The decision in Lawson v. FMR broadens the definition of a whistleblower under the 2002 Sarbanes-Oxley Act

A Supreme Court decision in Lawson v. FMR broadens the definition “whistleblower” under the 2002 Sarbanes-Oxley Act and could mean a change in compliance standards for many companies.

On March 4, the Supreme Court ruled in a 6-3 opinion that employees of a public company’s private contractors and subcontractors can be covered by whistleblower protections under the Act. This means that even private-company employees who allege they were retaliated against as a result of whistleblowing can bring claims against their employer.

In Lawson, the section of the Sarbanes-Oxley Act in question is §1514A, which Justice Ruth Bader Ginsberg wrote in her majority opinion as follows, “No [public] company . . . , or any officer, employee, contractor, subcontractor, or agent of such company, may discharge, demote, suspend, threaten, harass, or in any other manner discriminate against an employee in the terms and conditions of employment because of [whistleblowing or other protected activity].”

In the past, this provision covered only public companies as set forth by the law.
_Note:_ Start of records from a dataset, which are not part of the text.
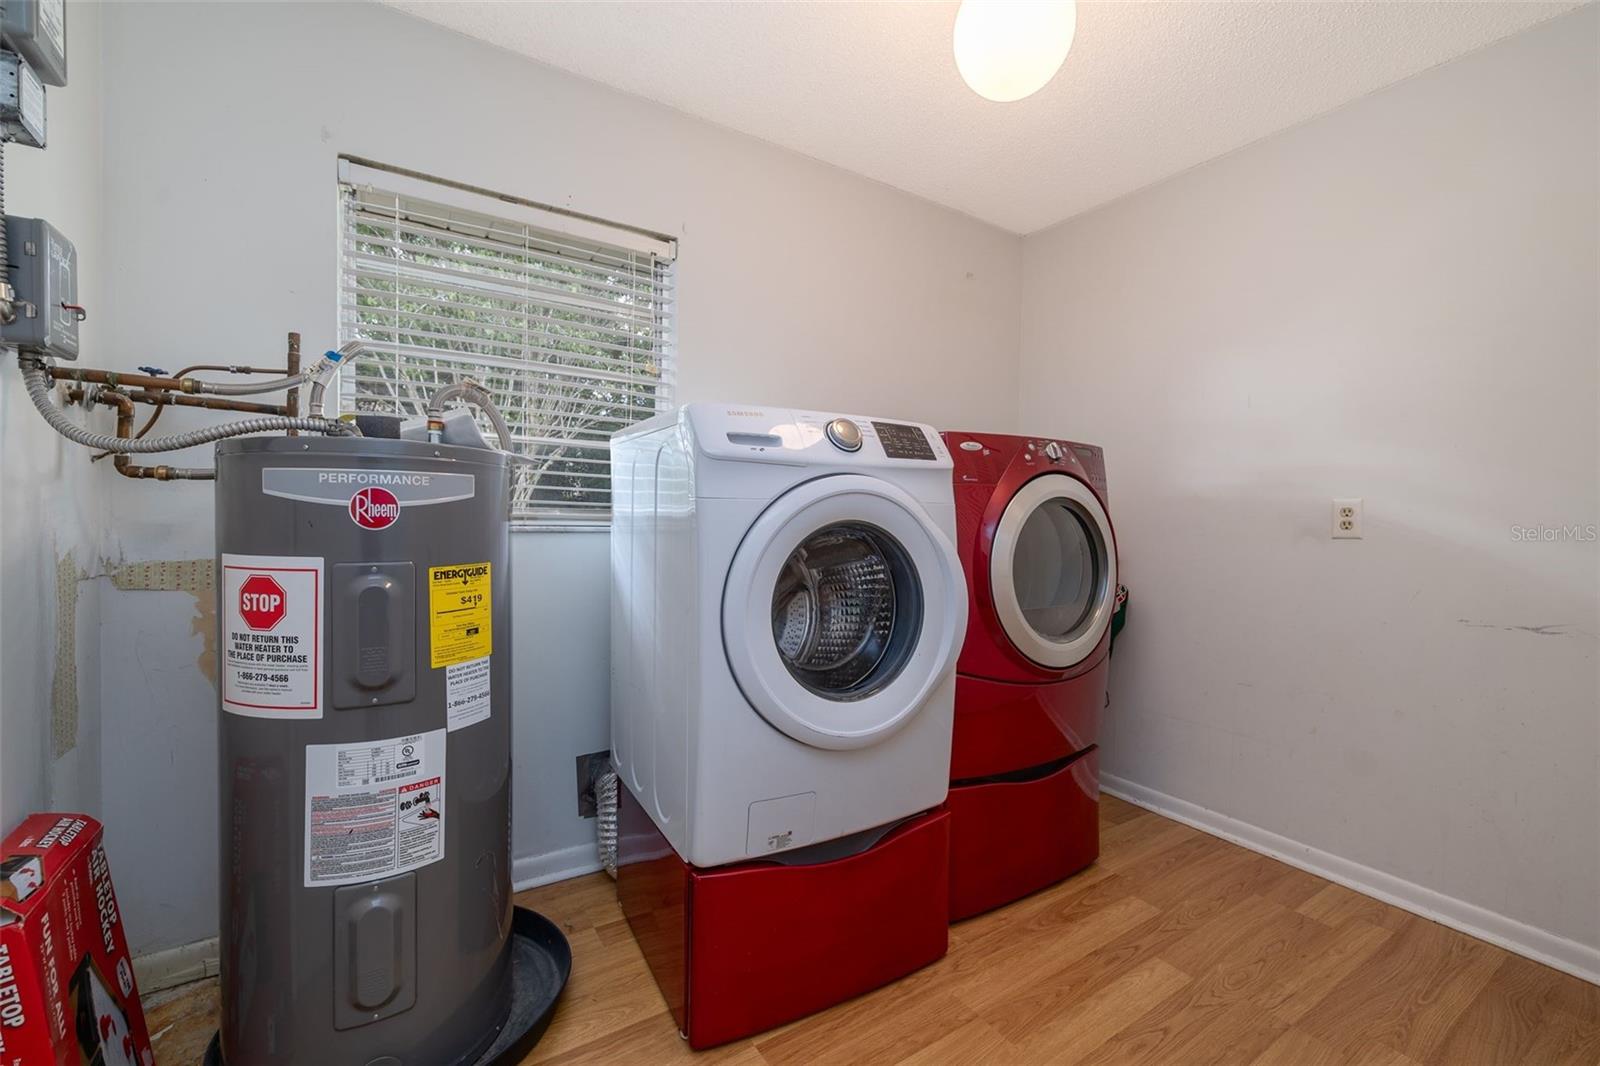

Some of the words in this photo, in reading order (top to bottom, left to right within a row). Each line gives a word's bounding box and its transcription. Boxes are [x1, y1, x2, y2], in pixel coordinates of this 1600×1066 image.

[319, 472, 430, 486] PERFORMANCE
[355, 487, 397, 523] Rheem
[242, 593, 281, 612] STOP
[232, 632, 239, 641] DO
[239, 633, 250, 642] NOT
[251, 634, 279, 644] RETURN
[281, 635, 299, 644] THIS
[234, 642, 253, 652] WATER
[254, 643, 282, 653] HEATER
[283, 645, 294, 653] TO
[227, 649, 236, 659] THE
[236, 651, 255, 661] PLACE
[255, 653, 265, 661] OF
[266, 654, 308, 663] PURCHASE
[237, 671, 289, 682] 1-866-279-4566
[409, 779, 440, 791] DANGER
[36, 825, 64, 849] HOCKEY
[59, 819, 87, 846] TABLETOP
[92, 849, 101, 881] AIR
[97, 843, 117, 924] TABLETOP
[96, 881, 115, 954] HOCKEY
[41, 912, 53, 956] FUN
[48, 957, 59, 998] FOR
Ginsberg, however, claims that past corporate misdeeds have proven that the intent of Sarbanes-Oxley should extend to private employees as well.

“Given Congress’ concern about contractor conduct of the kind that contributed to Enron’s collapse, we regard with suspicion construction of §1514A to protect whistleblowers only when they are employed by a public company, and not when they work for the public company’s contractor,” Ginsberg wrote in her opinion.

Jackie Lawson and Jonathan Zang brought the suit against their former employer, FMR, for retaliation after the two raised concerns about suspected wrongdoing within the company. As part of their suit, the former employees claimed that they were eligible for Sarbanes-Oxley protection because FMR, the parent company of Fidelity Investments, holds various investment companies that file reports with the Securities and Exchange Commission.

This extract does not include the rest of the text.